START SUPPLIED INFORMATION

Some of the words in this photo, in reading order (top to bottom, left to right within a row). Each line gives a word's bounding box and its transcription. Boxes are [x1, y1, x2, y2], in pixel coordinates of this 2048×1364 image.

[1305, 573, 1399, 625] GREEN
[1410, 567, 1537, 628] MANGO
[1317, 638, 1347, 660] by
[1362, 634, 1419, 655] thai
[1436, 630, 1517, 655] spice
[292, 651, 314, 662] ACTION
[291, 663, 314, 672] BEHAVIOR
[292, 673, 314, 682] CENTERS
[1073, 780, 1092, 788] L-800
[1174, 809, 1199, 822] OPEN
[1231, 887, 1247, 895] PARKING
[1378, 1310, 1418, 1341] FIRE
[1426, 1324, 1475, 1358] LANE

END SUPPLIED INFORMATION

**WORK TASK:** A full, exact copy of the entries is the required answer.

**TASK RESULT:**
Some of the words in this photo, in reading order (top to bottom, left to right within a row). Each line gives a word's bounding box and its transcription. Boxes are [x1, y1, x2, y2], in pixel coordinates of this 2048×1364 image.

[1305, 573, 1399, 625] GREEN
[1410, 567, 1537, 628] MANGO
[1317, 638, 1347, 660] by
[1362, 634, 1419, 655] thai
[1436, 630, 1517, 655] spice
[292, 651, 314, 662] ACTION
[291, 663, 314, 672] BEHAVIOR
[292, 673, 314, 682] CENTERS
[1073, 780, 1092, 788] L-800
[1174, 809, 1199, 822] OPEN
[1231, 887, 1247, 895] PARKING
[1378, 1310, 1418, 1341] FIRE
[1426, 1324, 1475, 1358] LANE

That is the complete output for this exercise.